Task inputs below:

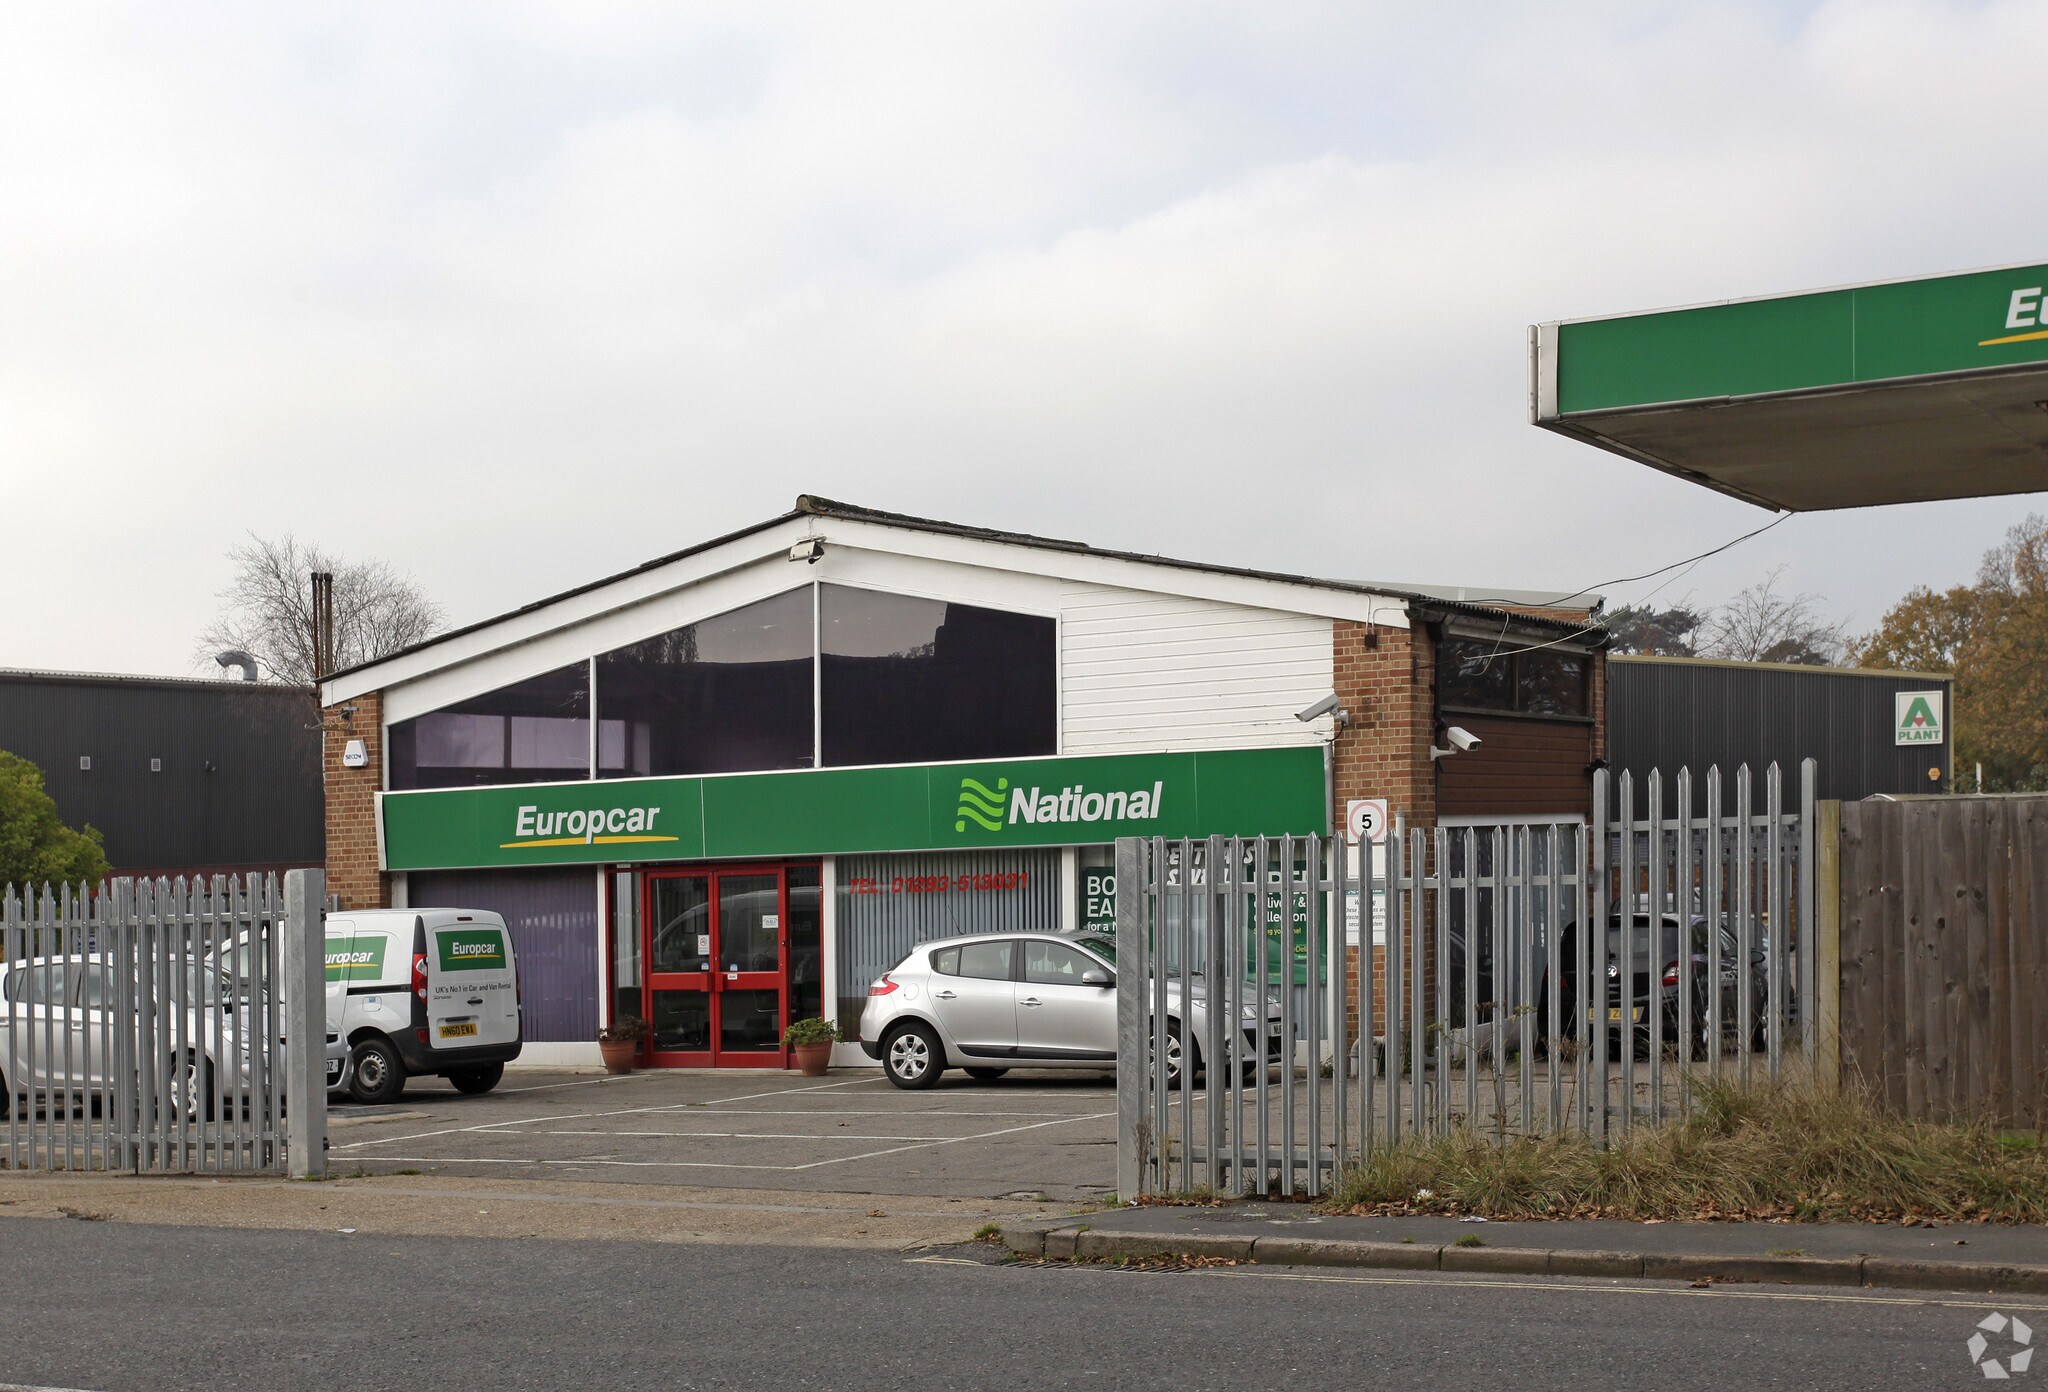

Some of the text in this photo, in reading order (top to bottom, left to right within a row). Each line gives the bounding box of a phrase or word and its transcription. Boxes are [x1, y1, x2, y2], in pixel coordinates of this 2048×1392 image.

[1901, 697, 1938, 728] A
[1898, 730, 1940, 741] PLANT
[1008, 781, 1163, 825] National
[515, 805, 660, 844] Europcar
[1361, 814, 1373, 829] 5
[849, 872, 1028, 894] TEL: 01293-513031
[1087, 897, 1117, 918] EA
[1298, 896, 1306, 908] &
[1087, 921, 1102, 932] for
[1103, 923, 1109, 932] a
[452, 942, 496, 958] Europcar
[325, 951, 374, 966] uropcar
[468, 984, 478, 992] Car
[479, 983, 489, 991] and
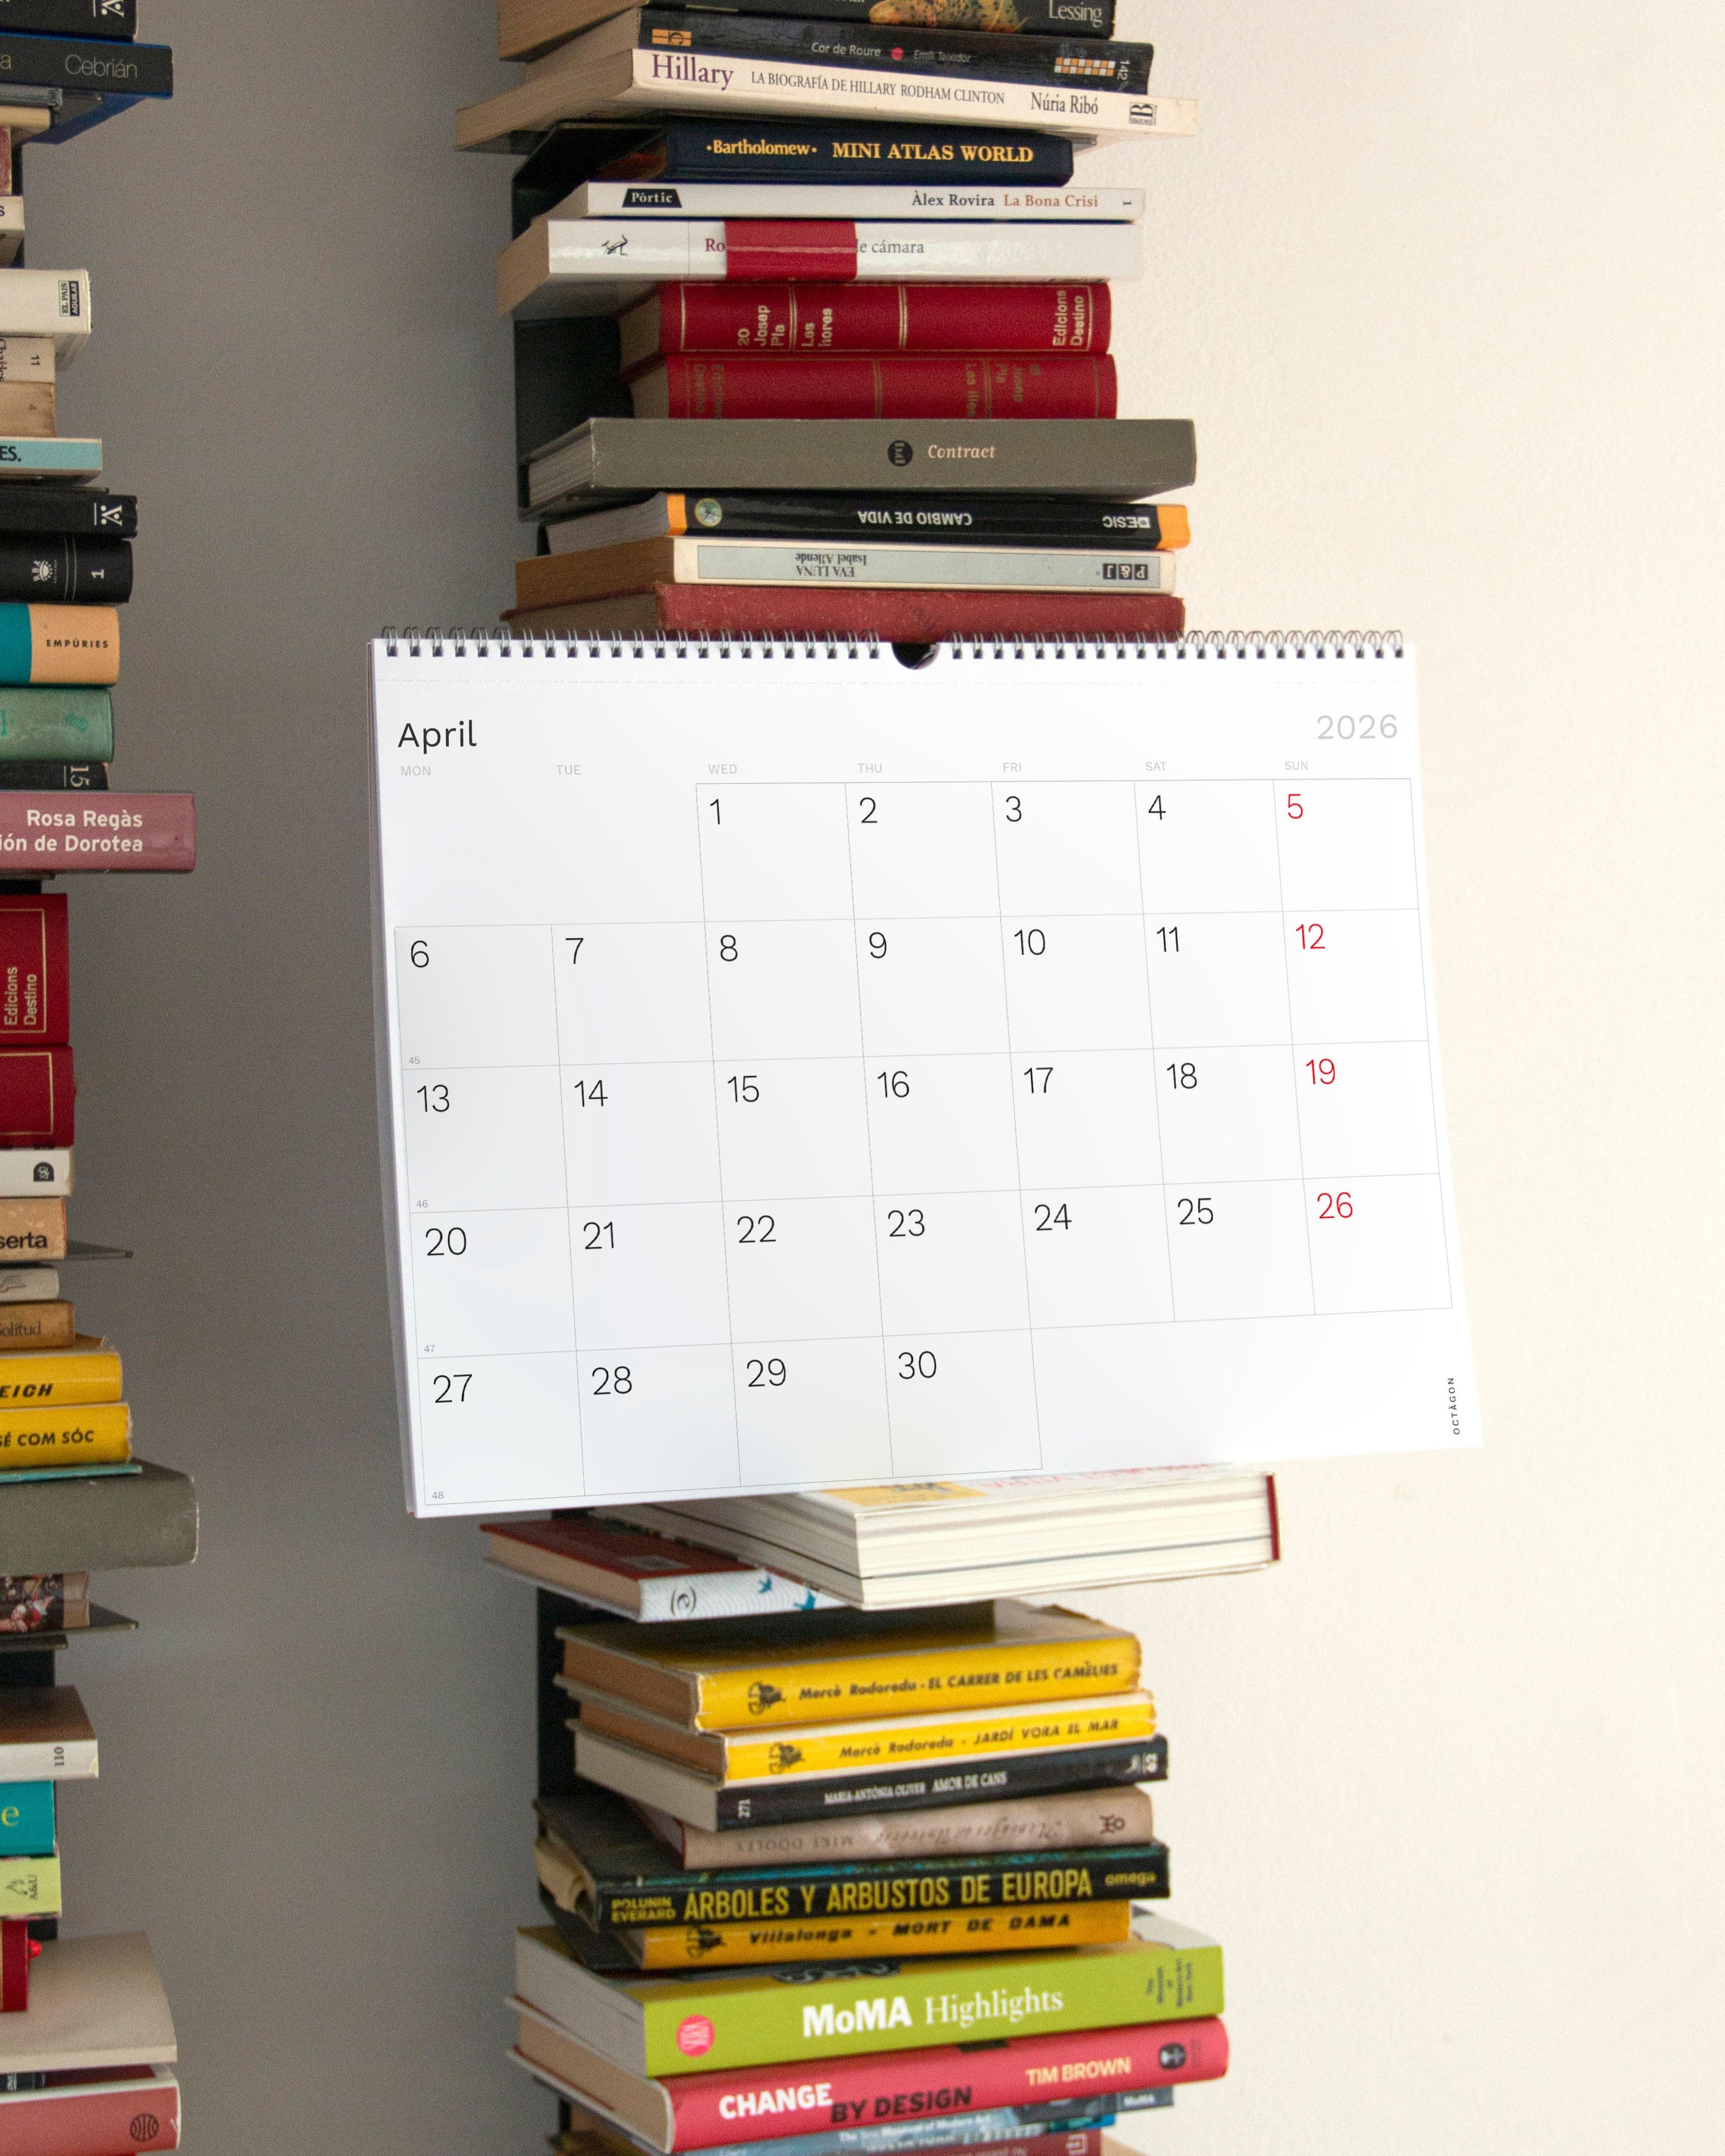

End of Task inputs.

#### What you have to do:
Copy out the entries above in full and exactly, skipping every picture.

#### Response area:
Some of the text in this photo, in reading order (top to bottom, left to right within a row). Each line gives the bounding box of a phrase or word and its transcription. Boxes are [x1, y1, x2, y2], in pixel coordinates of this 2048×1392 image.

[1901, 697, 1938, 728] A
[1898, 730, 1940, 741] PLANT
[1008, 781, 1163, 825] National
[515, 805, 660, 844] Europcar
[1361, 814, 1373, 829] 5
[849, 872, 1028, 894] TEL: 01293-513031
[1087, 897, 1117, 918] EA
[1298, 896, 1306, 908] &
[1087, 921, 1102, 932] for
[1103, 923, 1109, 932] a
[452, 942, 496, 958] Europcar
[325, 951, 374, 966] uropcar
[468, 984, 478, 992] Car
[479, 983, 489, 991] and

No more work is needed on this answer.